Last October a bi-lingual blue
plaque was unveiled outside the former Lloyds Bank premises (now William
Hill’s) at the corner of St Helens ’ Road and Beach Street , in
memory of Pennard poet Vernon Watkins.
Present on that occasion were his widow Gwen, whom he met while both
worked at Bletchley
Park during the Second
World War, and members of their family. Vernon had worked at that
branch, which initially was located further along St Helen’s Road, for 38
years, until he retired aged 60 in 1966.
But other Swansea
branches of Lloyd’s bank have significance for him too.
For much of the 20th
century the principal Swansea
branch of Lloyd’s occupied nos. 24
to 26 Wind Street , now the premises of the
Revolution Bar. Vernon
grew up in Swansea
because his father, William Watkins, came to manage that branch just before the
outbreak of the First World War. Vernon
had been born in Maesteg in 1906, but his father’s managerial ability saw the
Watkins family move to Bridgend, then to Llanelli, and finally to Swansea,
where William Watkins worked until he retired.
The family – Vernon
had one older and one younger sister – lived throughout the First World War in
the Uplands, in Eaton Grove - now part of Eaton Crescent . Subsequently they moved to ‘Redcliffe’ (now
demolished) in Caswell, and later to ‘Heatherslade’ in Pennard, now the
Heatherslade Residential Home.
In those pre-television days
Vernon from the age of nine or ten used on Saturday afternoons to attend the
Uplands Cinema, popular with many youngsters.

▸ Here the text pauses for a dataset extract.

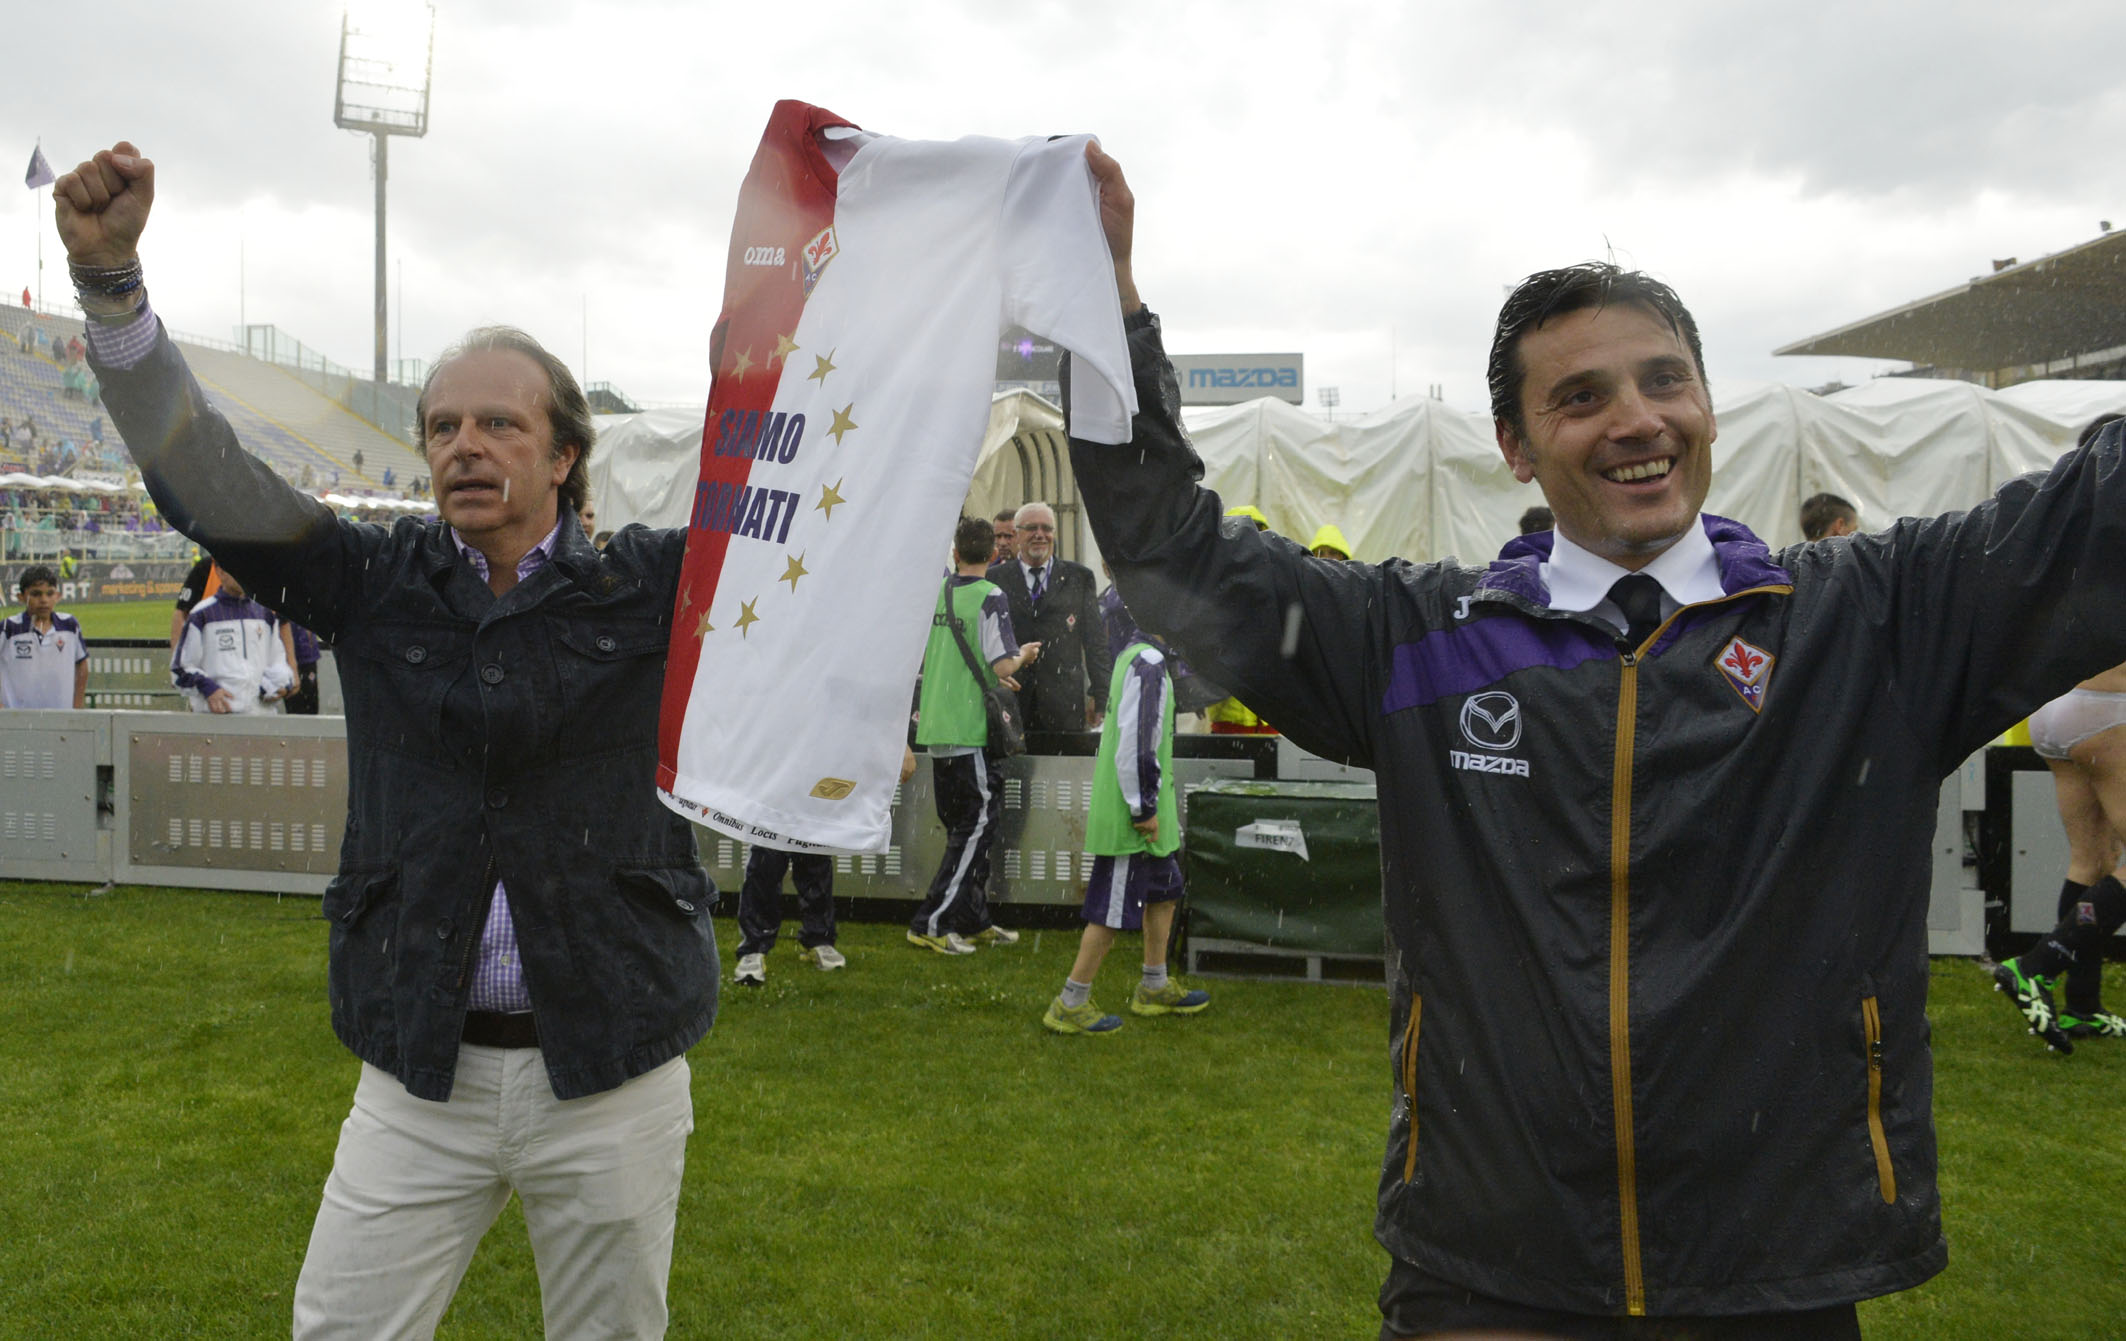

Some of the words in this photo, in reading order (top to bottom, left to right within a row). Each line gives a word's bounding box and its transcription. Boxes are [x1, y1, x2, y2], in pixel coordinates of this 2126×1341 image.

It occupied the site where the Uplands branch of Lloyds Bank now
stands. Vernon wrote of the excitement as a crowd of
children waited behind the brass railing for the doors to open at 2
o’clock. He was particularly enthralled
with the serials starring Pearl White, where each episode ended with a
cliff-hanger that left the heroine in mortal peril, as the words ‘To be
continued next week’ flashed across the screen.
Years later in 1938 he saw a newspaper headline ‘Pearl White is dead’,
for she died aged 49 at the American hospital in Paris , her health affected by injuries while
doing her own stunts. He was prompted to
write Elegy on the heroine of childhood
(in memory of Pearl White), which begins:
‘Four words catch hold. Dead exile, you would excite
In the red darkness, through the filtered
light,
Our round, terrified eyes, when some
Demon of the rocks would come
And lock you in the house with moving walls:
You taught us first how loudly a pin falls.’
The Uplands Cinema was later
frequented by a young Dylan Thomas, eight years younger than Vernon , who by then was living in Caswell.
But the branch most associated
with Vernon was
the one in St Helen’s Road. When his
parents moved to Pennard he would travel in on the Swan bus, and later the
United Welsh bus, to Hospital
Square .
What is now Home Gower was then the Swansea Infirmary, opened in
1869. Old photographs show it almost
camouflaged by trees, with a police box outside, and the unexpected felling of
two chestnut trees in the 1960s inspired Vernon ’s
poem ‘Trees in a town’. This begins:
‘Why must they fell two chestnuts on the
road?
I did not see the lorry and its load
Before a wall had grown where they had stood.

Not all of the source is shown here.